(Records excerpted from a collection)
[Start of Attachment]

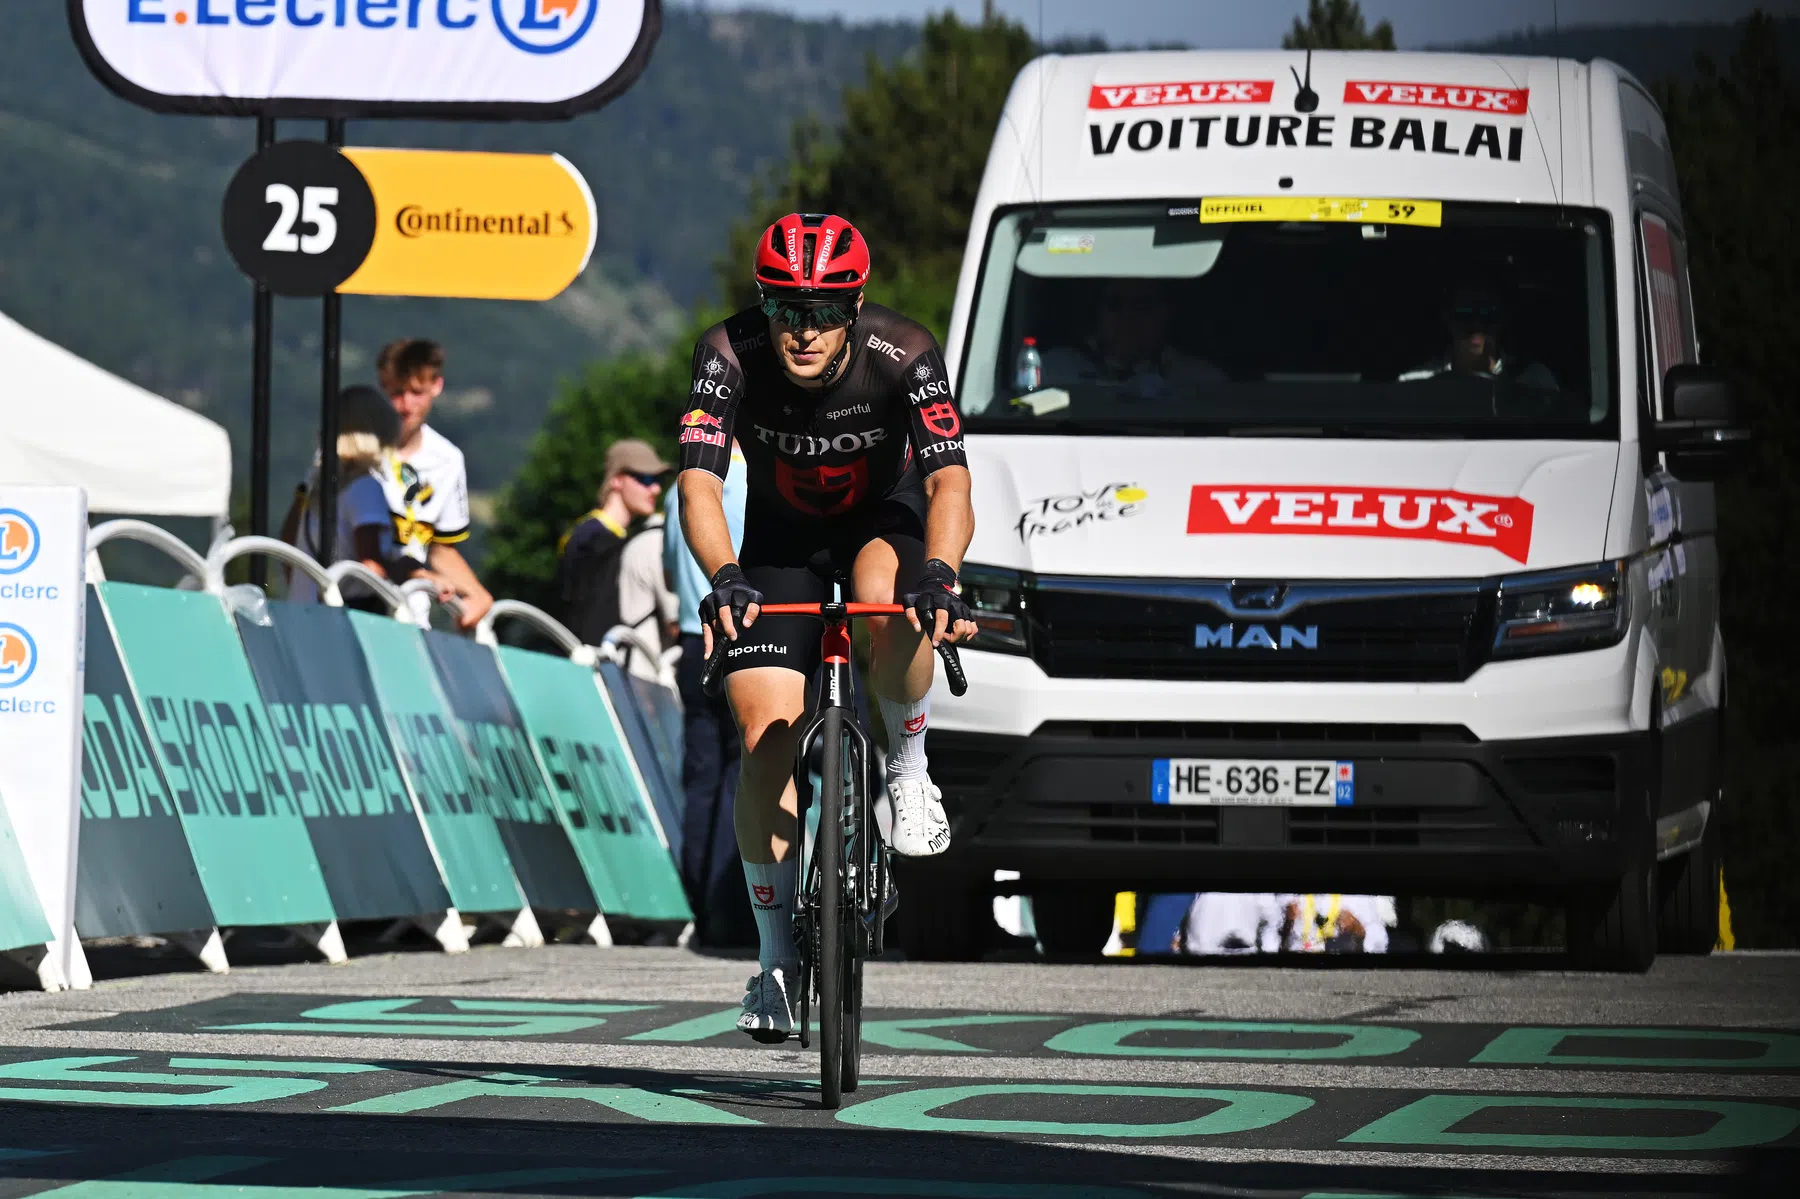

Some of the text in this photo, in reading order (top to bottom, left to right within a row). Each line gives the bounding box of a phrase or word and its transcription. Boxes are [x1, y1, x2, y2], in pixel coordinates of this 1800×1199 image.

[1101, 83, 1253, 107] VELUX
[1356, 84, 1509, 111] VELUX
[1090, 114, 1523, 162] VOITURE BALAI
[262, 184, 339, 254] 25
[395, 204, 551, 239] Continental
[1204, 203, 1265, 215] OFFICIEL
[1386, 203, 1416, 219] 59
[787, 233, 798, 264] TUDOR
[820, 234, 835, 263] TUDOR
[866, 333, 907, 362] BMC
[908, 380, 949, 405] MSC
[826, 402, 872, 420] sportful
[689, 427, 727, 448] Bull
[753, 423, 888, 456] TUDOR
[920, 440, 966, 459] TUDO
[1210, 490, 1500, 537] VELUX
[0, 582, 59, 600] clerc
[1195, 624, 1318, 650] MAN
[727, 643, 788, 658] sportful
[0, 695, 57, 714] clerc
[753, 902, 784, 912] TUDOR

[End of Attachment]
[Start of Attachment]

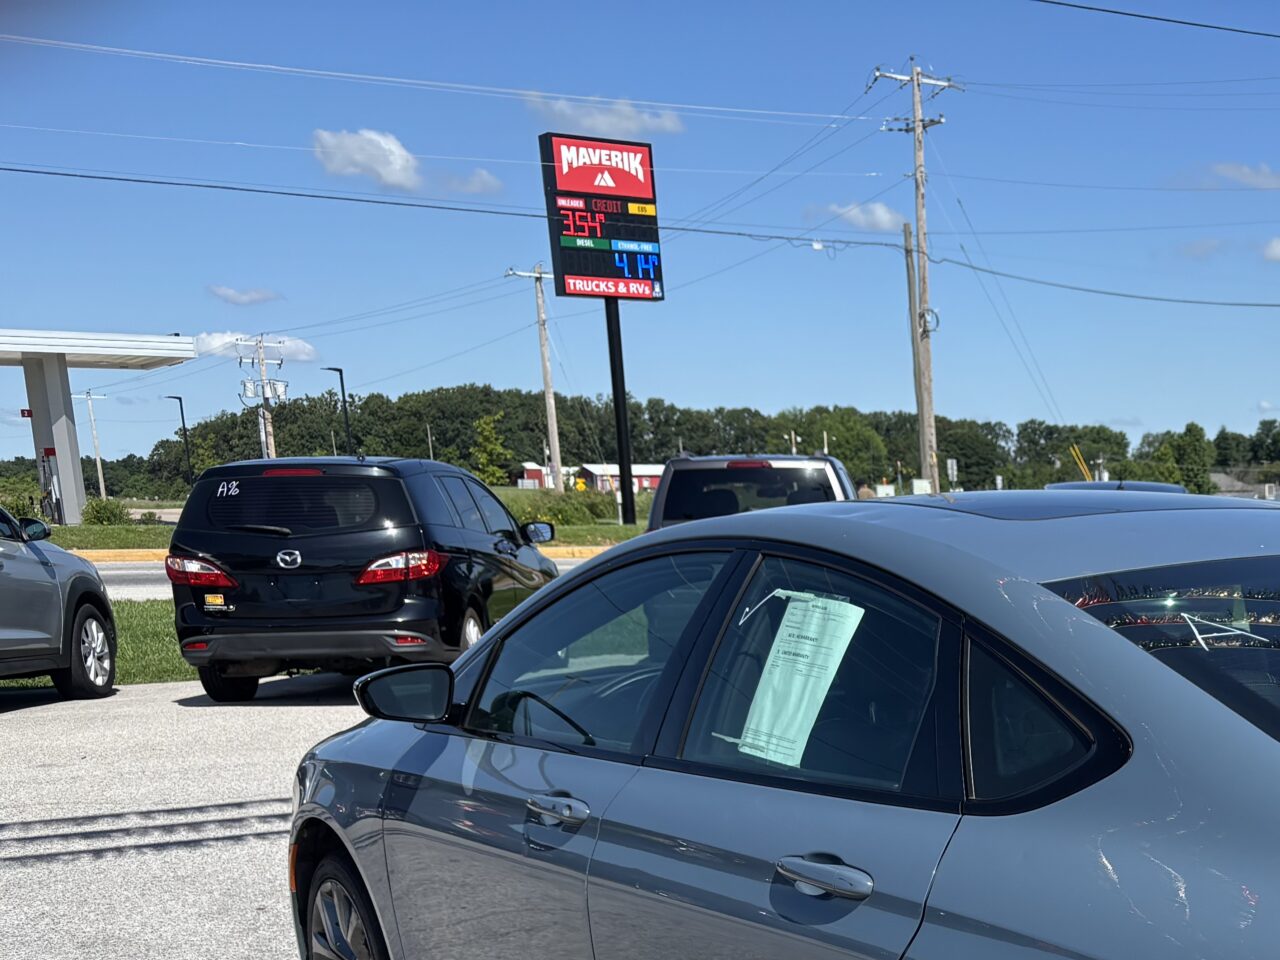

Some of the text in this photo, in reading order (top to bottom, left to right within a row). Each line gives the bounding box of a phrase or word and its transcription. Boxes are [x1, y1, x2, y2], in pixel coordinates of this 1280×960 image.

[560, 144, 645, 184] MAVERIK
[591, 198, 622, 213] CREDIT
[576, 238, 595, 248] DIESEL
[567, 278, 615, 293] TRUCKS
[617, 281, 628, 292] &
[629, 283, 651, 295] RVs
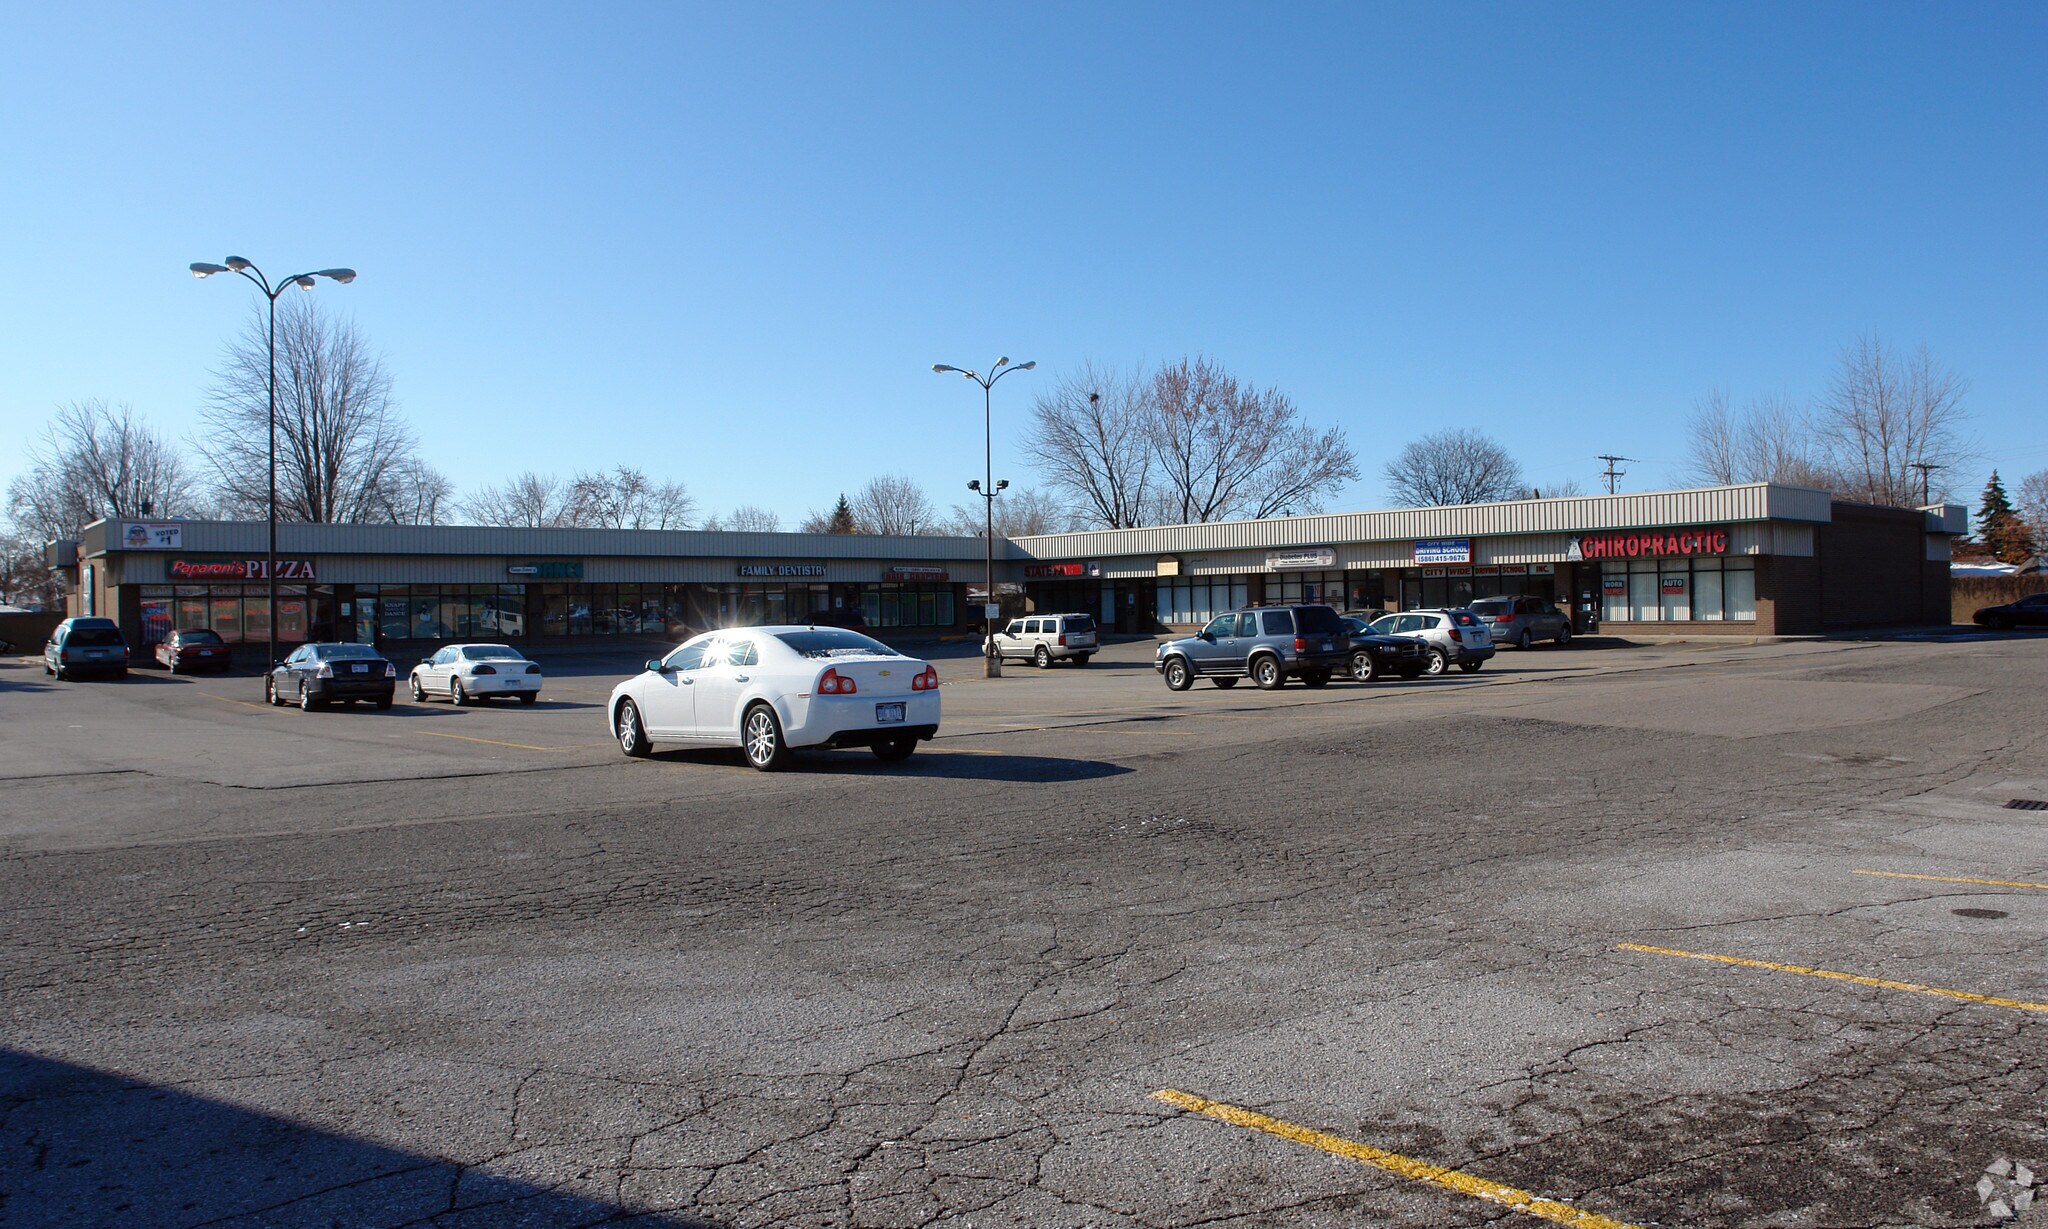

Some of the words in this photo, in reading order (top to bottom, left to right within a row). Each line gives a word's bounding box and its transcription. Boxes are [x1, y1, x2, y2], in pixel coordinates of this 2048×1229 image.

[End of Attachment]

Directions for this task: What is wanted is an exact copy of the lines above from the one containing "this 1280×960 image." through the one containing "Some of the words", with no pictures in it.

Written answer:
Some of the text in this photo, in reading order (top to bottom, left to right within a row). Each line gives the bounding box of a phrase or word and its transcription. Boxes are [x1, y1, x2, y2], in pixel coordinates of this 1280×960 image.

[560, 144, 645, 184] MAVERIK
[591, 198, 622, 213] CREDIT
[576, 238, 595, 248] DIESEL
[567, 278, 615, 293] TRUCKS
[617, 281, 628, 292] &
[629, 283, 651, 295] RVs

Some of the words in this photo, in reading order (top to bottom, left to right within a row). Each line gives a word's bounding box and its transcription. Boxes are [x1, y1, x2, y2], in pixel coordinates of this 2048×1229 image.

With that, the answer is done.